As one of the most densely populated member state of the US, California's demand for water resources is very high. With an estimated population of more than 39 million citizens, the state's need for water resources is incomparable to few other regions (Mount, & Hanak, 2016). Water is essential in many aspects of life. The large and ever-increasing population implies that the demand for water for household use is significantly high too. The state of California also boasts a robust agricultural sector that yields a considerable annual output. This also puts a demand on the water resources, to meet agricultural and environmental needs of the state (Water World, 2015). Industrial and recreational needs for water have also impacted the amount and use of water resources. California's economy is based on diverse industries. The state is widely known as the heart of tech and entertainment ventures. This, the area needs a lot of water to meet the needs of these firms. The climate of California is unfavorable as droughts often plague the state. These climatic changes negatively affect water availability and supply to the industries and homes, thus affecting the economy of the region. This paper will discuss the economic effects realized from water recycling in California and its impact on the economy.
Water Recycling Measures
In order to understand the economic effects that water recycling has had on the state of California, it is prudent to explore the attempts made at recycling briefly. The region has invested in numerous industrial processes that facilitate the treatment of wastewater. Wastewater treatment entails removal of contaminants from water (California State Water Quality Control Board, 2018). California's water treatment plants identify the ways treated wastewater can be used. The process involves identification of impurities to be removed from wastewater, such as suspended solids, oil, and grease, hydrocarbons, and organics among others. The steps involved in the wastewater treatment processes mostly depend on the intended use of the recycled water. More rigorous measures are required if the recycled water is for human and domestic use. For uses such as non-potable functions, steps in industrial wastewater treatment are up to standards, though not more comprehensive compared to the treatment of water for human consumption. The treatment and recycling process is aimed at reducing the consumption rate of water from the already strained water resources in the state.
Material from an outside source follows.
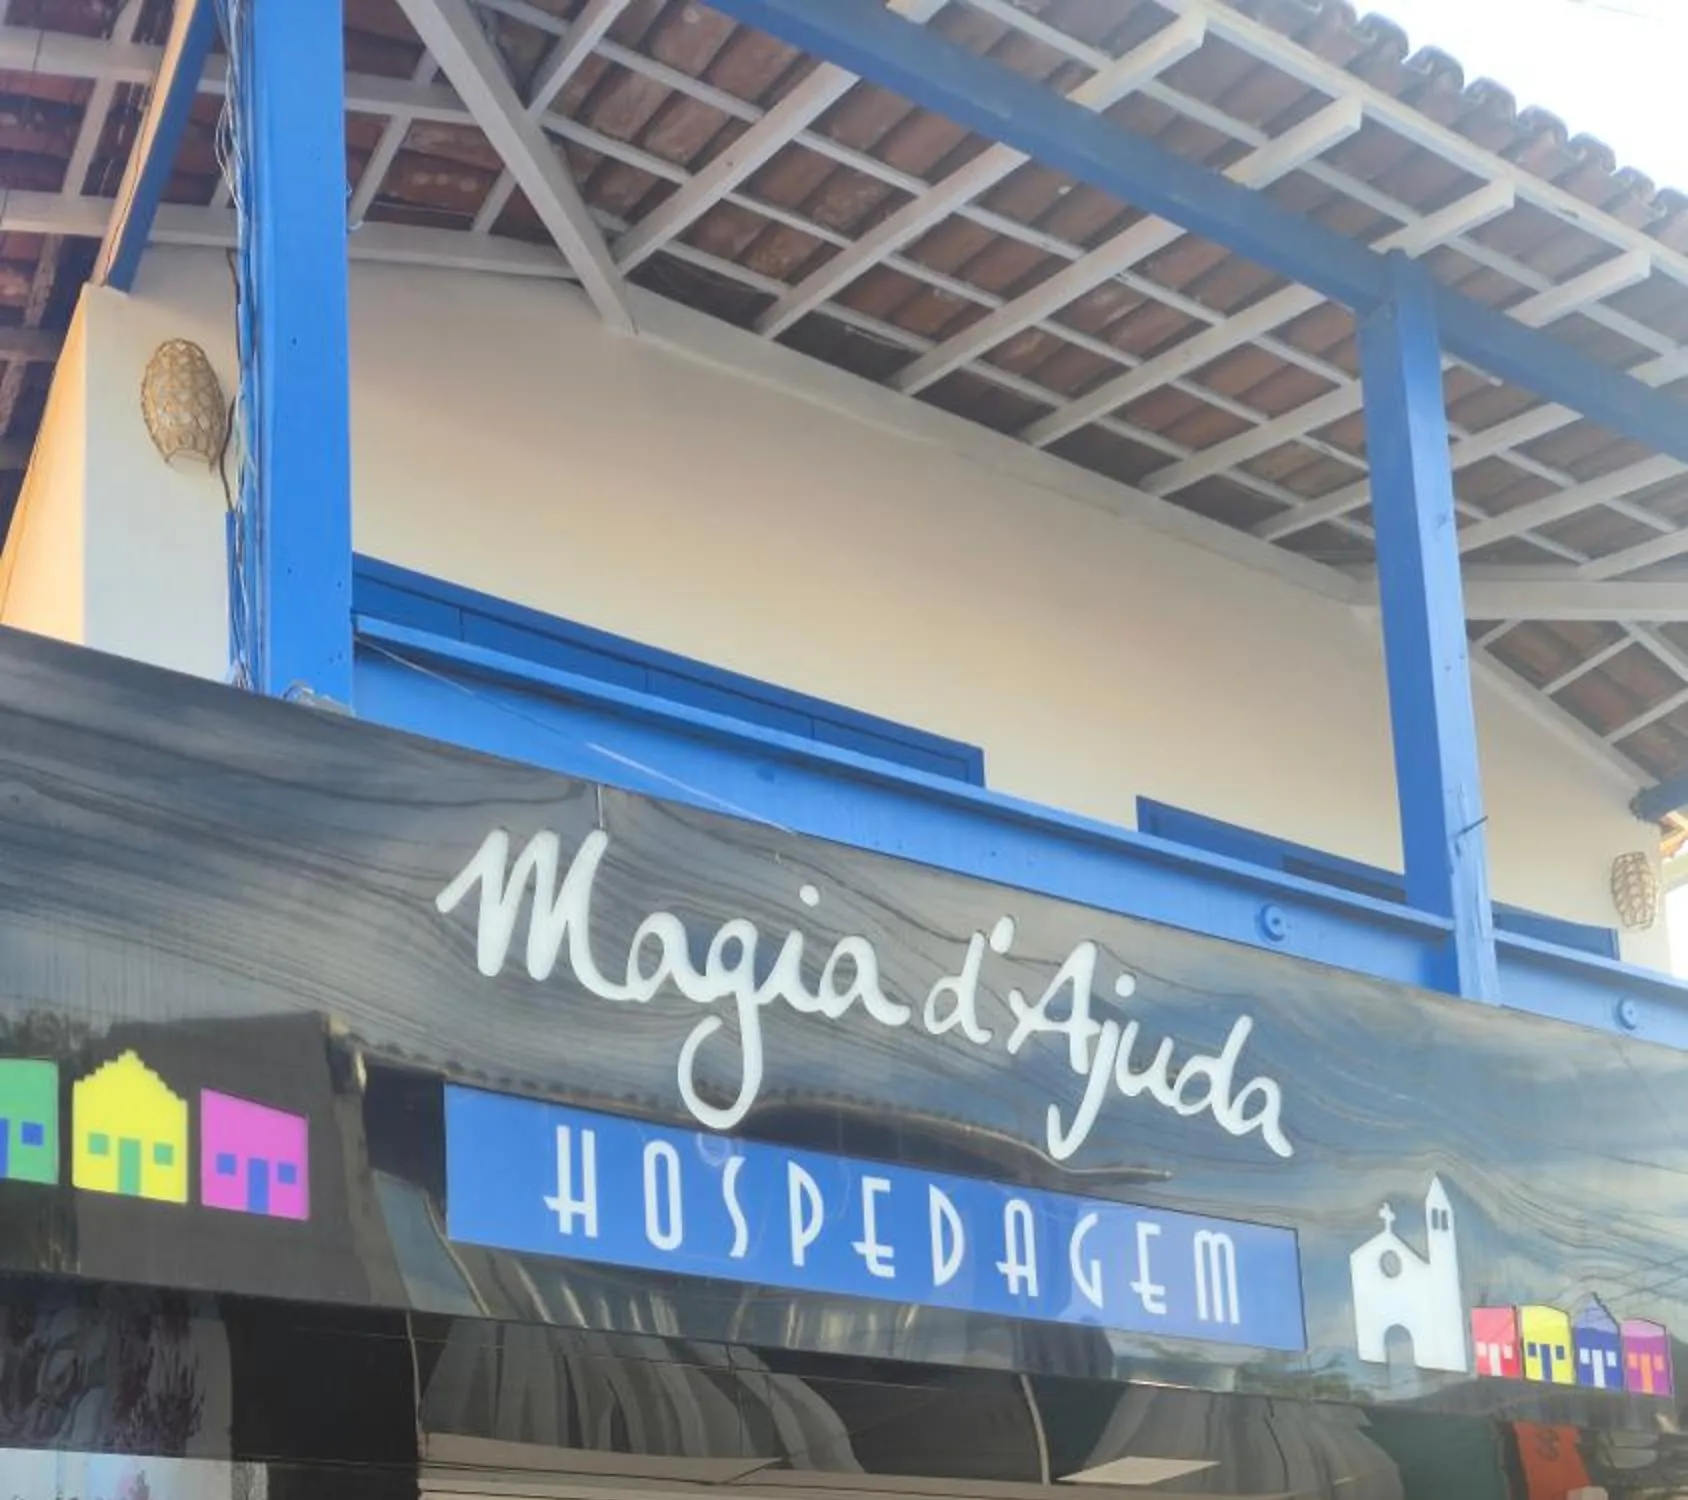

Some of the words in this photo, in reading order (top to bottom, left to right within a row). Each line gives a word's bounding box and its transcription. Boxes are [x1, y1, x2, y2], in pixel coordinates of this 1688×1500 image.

Economic Effects of Water Recycling
Agriculture and Irrigation
The usage of recycled water for agricultural purposes in California has had a positive impact on the state's economy. Many agrarian water recycling projects were established to provide alternatives for wastewater disposal ("Benefits of Water Recycling"). Standards set by the US environmental agency required states to minimize water pollution rates through treatment of wastewater. As a result, the water obtained from the recycling process has been diverted to agricultural use. Millions of acres in California are under irrigation. Recycled water has helped to continuously irrigate the larger California farms regardless of the harsh drought seasons (Schulte, n.d). Farming is one of the productive sectors that contribute to the economy of the state. Through irrigation measures, the effects of the periodic droughts experienced in California have been mitigated.
The constant supply of water to the farms has facilitated food production and security in the state. Recycled water finds its way to the farms by gravity, laser leveling, as well as pumping and delivery systems. Crops that yield high outputs and revenue such as nuts, grapes, and other fruits, have benefited from the irrigation projects (Schulte, n.d). The economic effect of recycled water use in agriculture, through irrigation, has been positive. It has led to increased revenues accrued from the sale of the crops grown on irrigation schemes. Irrigation, having facilitated food security, has enabled the government to reduce the cost of meeting the food needs of the sizeable Californian population. Other economic effects realized from the use of recycled water in irrigation and farming includes regular crop production (US EPA, 2017). This means that farmers can schedule their planting and harvesting seasons without fear of interruptions. This means steady and reliable income for the farmers and state. Recycled water use in irrigation has also impacted the state economically. It has ensured a considerable reduction in the number of costs incurred by growers and the state in water costs to facilitate farming. This implies that expenses initially spent due to high water costs can be diverted to serve other sectors.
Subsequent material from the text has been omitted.